Parmi le patrimoine des thermes nationaux, il y a les Thermes Chevalley, dont Dominique Dord, avant d’être maire, clamait
qu’ils étaient les plus modernes d’Europe. Propriété de l’État, les
Thermes Chevalley doivent beaucoup aux contribuables locaux qui ont non
seulement financé le terrain d’assise mais largement subventionné, directement
ou indirectement, les infrastructures. Le coût de revient des Thermes Chevalley
peut être alors évalué à 40 millions d’euros, valeur 2001.
Pour faire fonctionner les Thermes Chevalley il y a aussi des installations annexes,
comme une blanchisserie en parfait état de fonctionnement, un vaste terrain constructible à deux pas du centre, des parkings
souterrains ou aériens, ainsi que l’accès gratuit à des sources chaudes d’une
valeur inestimable (de quoi chauffer, ad vitam aeternam, des centaines de
logements) et autres sources froides, terrains ou kiosques. Des biens annexes qui peuvent être aisément chiffrés à une
vingtaine de millions d’euros, ce qui porterait la valeur des Thermes Chevalley à
60 millions d’euros.
A côté des Thermes Chevalley, il y a le gros morceau, le beau morceau, les
Anciens Thermes, Pécriaux et Pellegrini, ces bâtiments historiques (les plus anciens remontent aux années 1780) que Dominique Dord vient d'être autorisé, par sa majorité, à céder à Bouygues SA pour une bouchée de pain.
Bien que de construction inégale et
étalée dans le temps, ces bâtiments n’en conservent pas moins une valeur
patrimoniale importante. Leurs 40.000 mètres carrés recèlent de nombreux trésors architecturaux et sont la dernière trace à la fois
d’une grande partie de la vie locale et de l’histoire des cures thermales.

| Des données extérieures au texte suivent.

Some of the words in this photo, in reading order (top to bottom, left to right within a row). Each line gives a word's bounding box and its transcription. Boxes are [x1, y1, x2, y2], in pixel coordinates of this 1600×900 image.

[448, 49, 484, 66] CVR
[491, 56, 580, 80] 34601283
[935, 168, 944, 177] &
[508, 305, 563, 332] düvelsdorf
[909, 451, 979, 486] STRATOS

Dans un rapport réalisé en 2005, à la demande de Dord, la société Ineum-Consulting
avait chiffré la valeur pécuniaire de ces bâtiments à 5 millions d’euros, en
tenant compte des importants travaux de leur remise en état. Mais c’était une valeur
calculée sur le seul bâti existant et qui ne prenait pas en compte leur valeur historique et pas davantage le potentiel
foncier de ces bâtiments au cas où leur réaménagement et leur agrandissement seraient affectés à un usage autre que
thermal ou public. Auquel cas leur valeur résiduelle pouvait être aisément
multipliée par trois ou quatre, soit une vingtaine de millions d’euros.
Résumons-nous : Au vu de ce qui précède, on ne prend pas de gros risques
en affirmant qu’à l’arrivée de Dord à Aix le patrimoine foncier et commercial des thermes
nationaux avoisinait les 80 millions d’euros, valeur 2001.

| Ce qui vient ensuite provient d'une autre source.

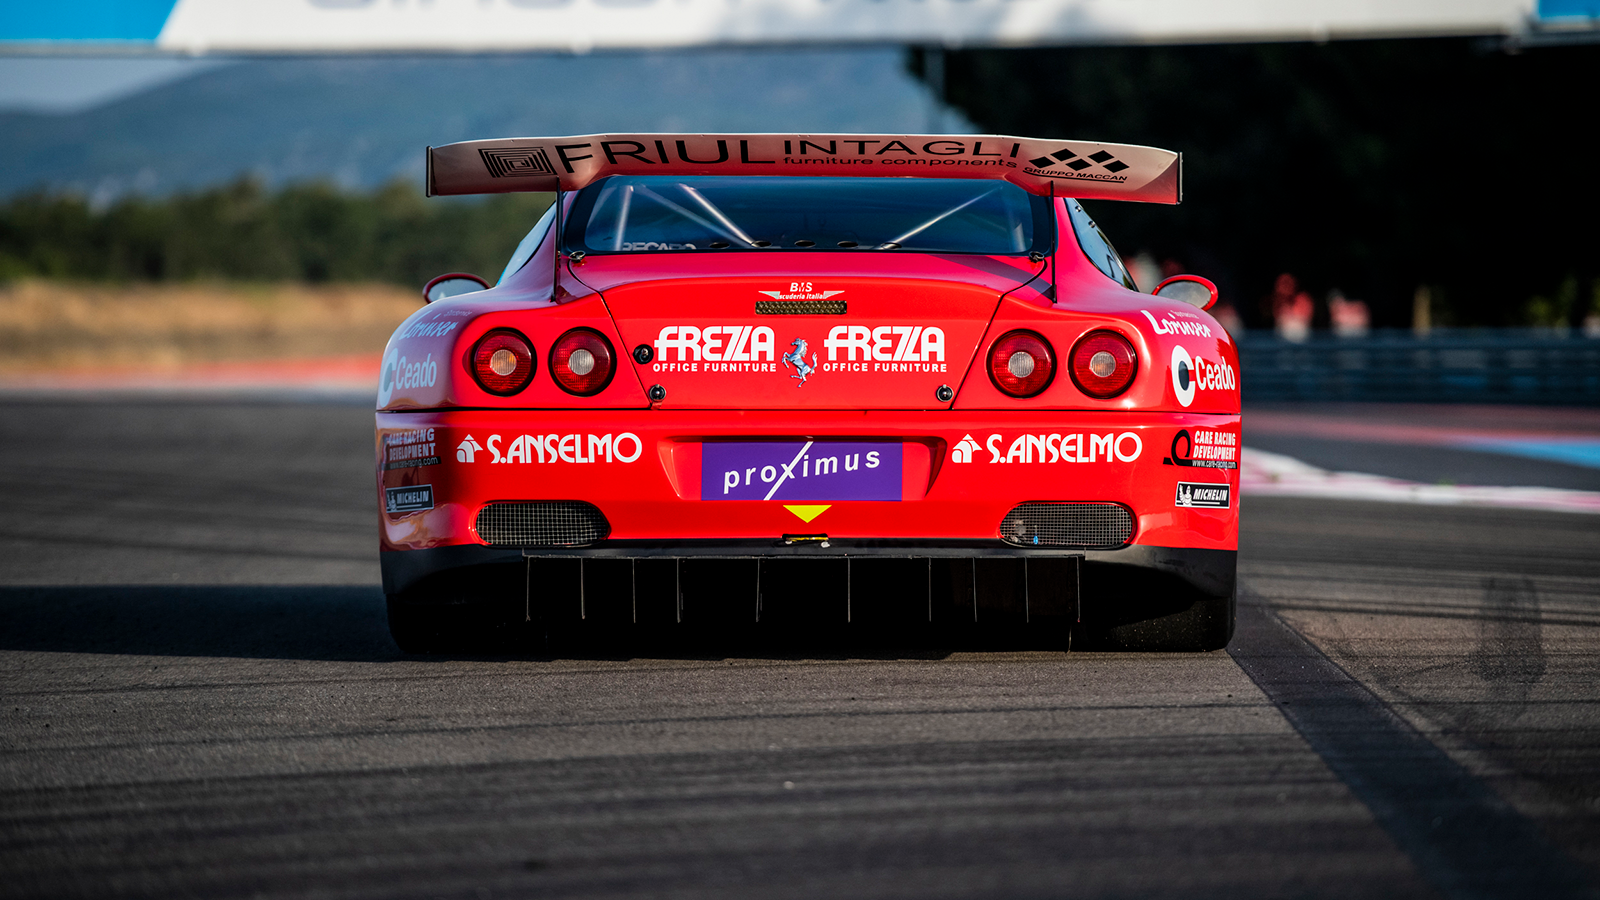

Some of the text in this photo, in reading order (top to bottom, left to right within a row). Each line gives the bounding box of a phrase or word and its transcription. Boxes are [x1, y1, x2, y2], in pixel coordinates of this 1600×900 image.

[783, 155, 1018, 170] furniture components
[1024, 166, 1128, 181] GRUPPO MACCAN
[654, 326, 775, 361] FREZZA
[824, 326, 945, 361] FREZZA
[395, 353, 437, 390] Ceado
[653, 363, 777, 373] OFFICE FURNITURE
[823, 363, 947, 373] OFFICE FURNITURE
[1195, 355, 1235, 391] Ceado
[404, 428, 435, 445] RACING
[1194, 430, 1236, 446] CARE RACING
[389, 442, 436, 460] DEVELOPMENT
[487, 432, 642, 464] S.ANSELMO
[986, 432, 1143, 463] S.ANSELMO
[1193, 445, 1236, 460] DEVELOPMENT
[723, 441, 881, 500] proximus
[396, 490, 429, 504] MICHELIN
[1193, 488, 1228, 501] MICHELIN

Quinze ans plus tard, en ce mois de juillet 2016, que reste-t-il de ce
patrimoine ? Rien. Et même moins que rien.
Les Thermes Chevalley, leur société commerciale et tout leur patrimoine foncier, ont été cédés à une société privée parisienne pour 3 millions
d’euros. Une misère. Pour ce prix-là, la société Valvital est également devenue
propriétaire des kiosques ou des parkings aériens dont elle n’avait pas
l’usage. Alors le maire d’Aix a décidé de les lui racheter (les kiosques) ou de
les lui louer (les parkings). Soit une dépense de plus d’un million d’euros pour la collectivité afin de reprendre des biens... qui lui appartenaient !
Quant aux Anciens Thermes, c’est l’arnaque totale.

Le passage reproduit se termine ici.